There were no standing committees of the Company's Board of
Directors in 1999. However, the Bank, the major subsidiary of
the Company, had a standing Audit Committee, Loan Committee, EDP
Steering Committee, Compensation Committee, Retirement Committee,
and the Strategic Business Plan Committee on which certain
members of the Company's Board of Directors served.
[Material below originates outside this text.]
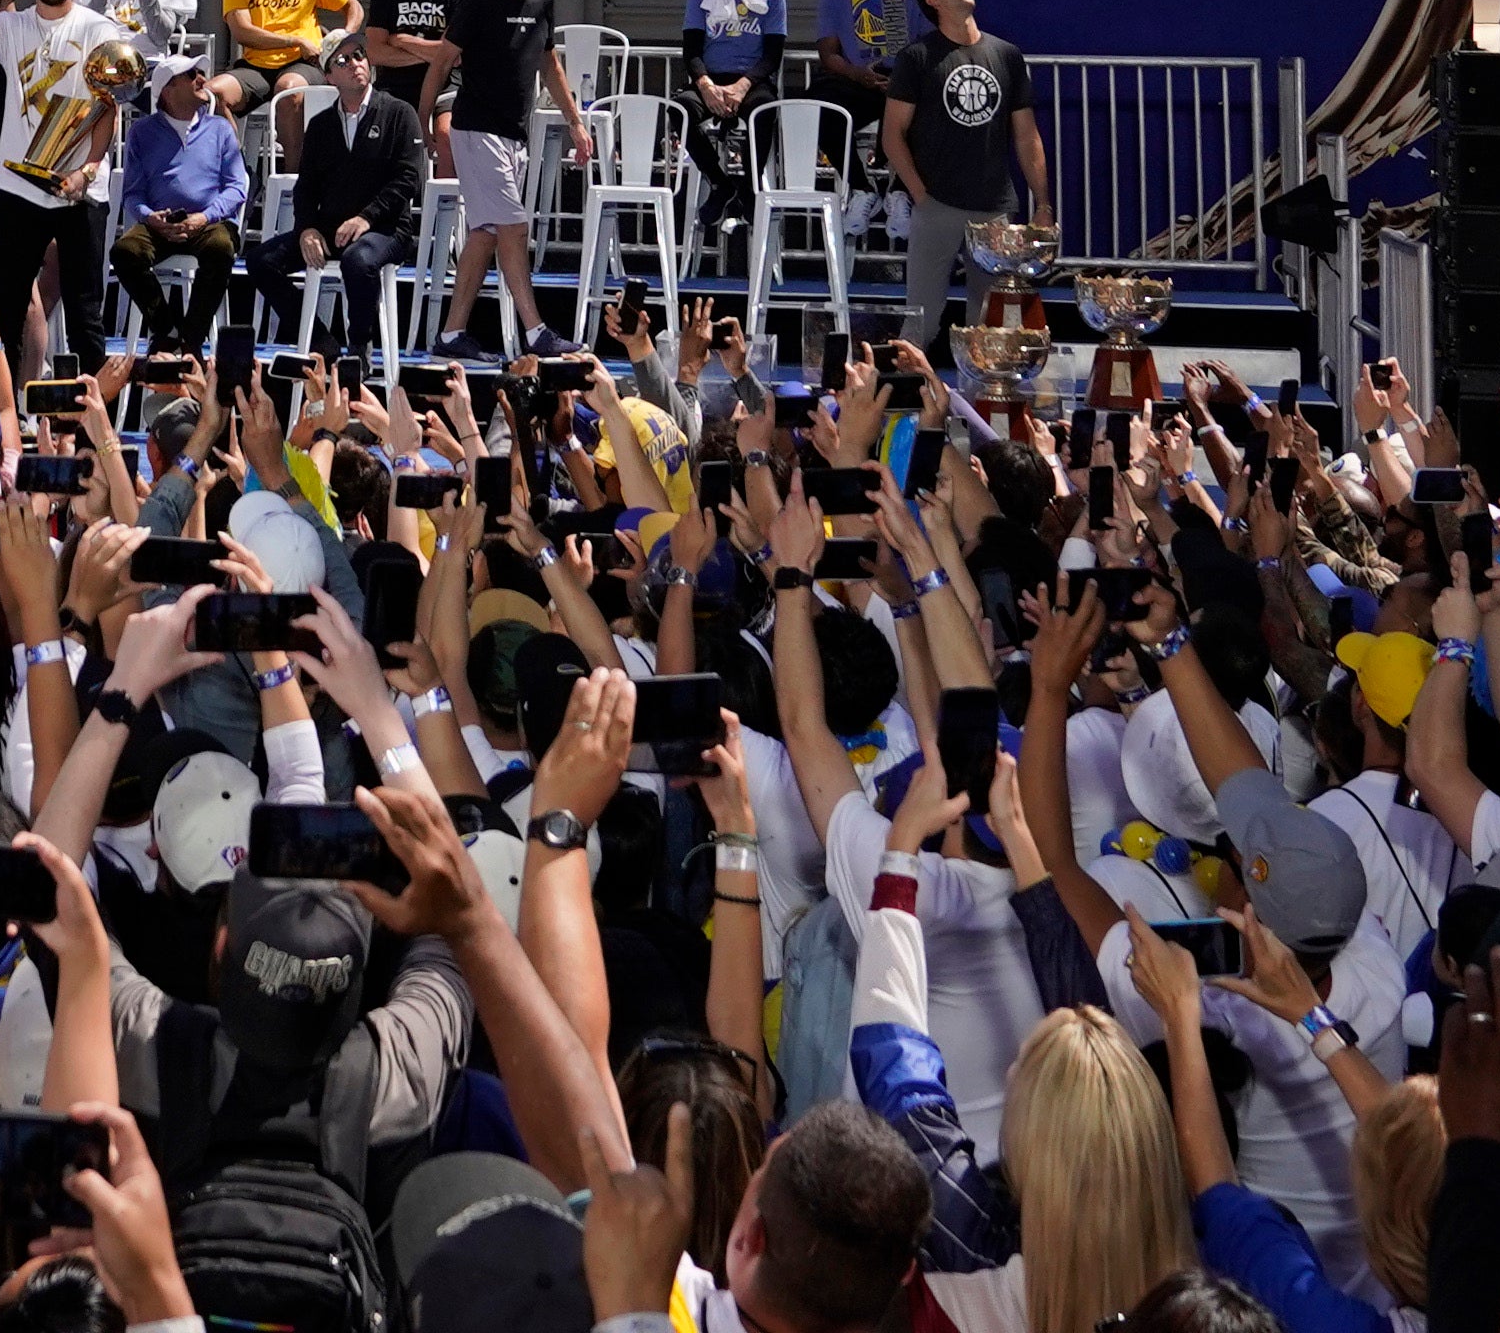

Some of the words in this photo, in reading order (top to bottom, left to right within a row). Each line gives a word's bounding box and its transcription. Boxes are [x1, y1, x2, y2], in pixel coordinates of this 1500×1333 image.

[398, 1, 445, 17] BACK
[396, 14, 446, 28] AGAIN
[243, 940, 353, 993] CHAMPS
During 1999,
the Board of Directors of the Bank met thirteen (13) times, the
Compensation Committee met one (1) time, the Audit Committee met
four (4) times, the Strategic Business Plan Committee met four
(4) times, and the EDP Steering Committee met two (2) times.
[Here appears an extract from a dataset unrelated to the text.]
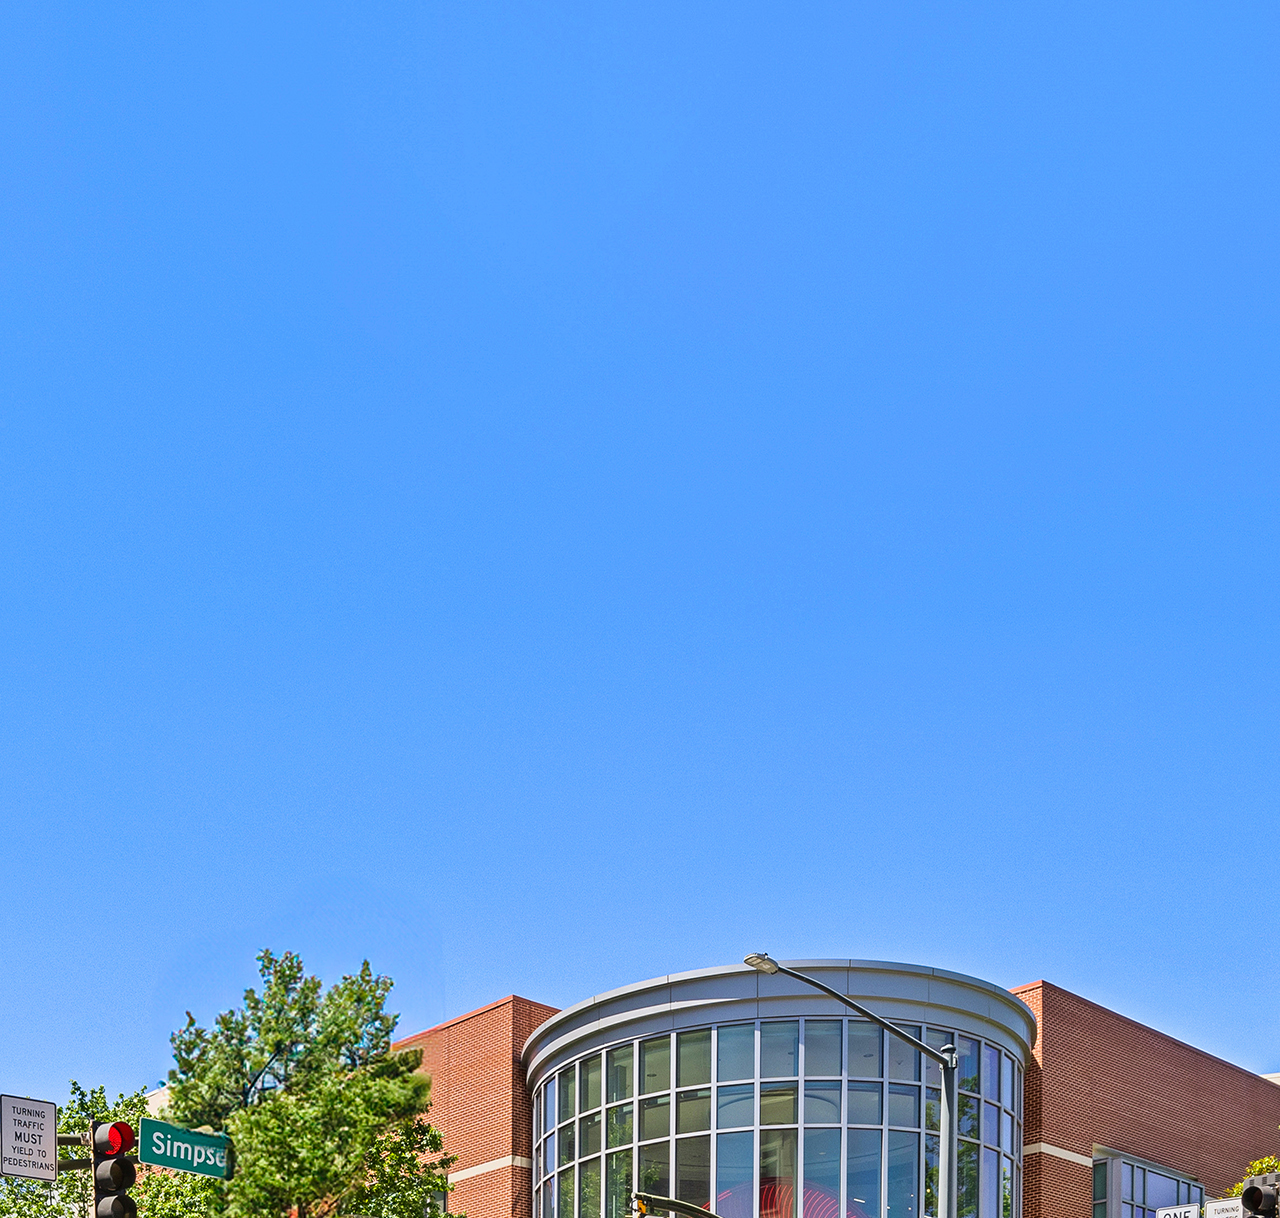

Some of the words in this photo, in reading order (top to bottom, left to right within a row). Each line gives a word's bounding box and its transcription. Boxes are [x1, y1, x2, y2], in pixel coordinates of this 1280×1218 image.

Members of the Company's Board of Directors are compensated
$175 for each meeting attended, $550 for each Bank Board meeting
attended and $300 for each Bank Committee meeting attended,
except for the Strategic Business Plan Committee which receive
$550 for each meeting attended.
REMUNERATION OF EXECUTIVE OFFICERS
No executive officer of the Company received remuneration
during 1999, except in his/her capacity as a director or
executive officer of the Bank. The following information is
furnished with respect to cash and cash-equivalent forms of
remuneration from the Bank paid or accrued in 1999 to (i) each of
the highest paid executive officers of the Company for whom such
remuneration exceeded $100,000, and (ii) all executive officers
of the Company, as a group. The figures set forth on the
following page are for the full fiscal year of 1999.
CASH COMPENSATION TABLE
Name and Other Annual
Principal Position Year Salary Bonus Compensation 1
J. B. Falgoust, 1999 $101,363 $12,254 -
Chairman Emeritus 1998 131,923 13,897 $20,695
1997 221,596 1,525 -
Frank J. Bourgeois, 1999 $153,702 $10,218 -
President and CEO 1998 134,773 9,629 -
1997 117,426 300 -
Executive Officers 1999 $555,215 $43,563 -
as a group2 1998 547,646 43,608 -
1997 608,711 3,025 -
1 The Company (or the Bank) does not provide any other
compensation or personal benefits in excess of the lesser of (a)
10% of such person's compensation reported above or (b) $25,000
to any of its principal officers, except to Mr. J.B. Falgoust for
the year 1998. In 1998, Mr. J.B. Falgoust was compensated with
an automobile for his many years of service to the Company.
2 Includes 6 persons.
<PAGE> 6
PENSION PLAN
The Bank adopted a retirement plan for employees in 1965.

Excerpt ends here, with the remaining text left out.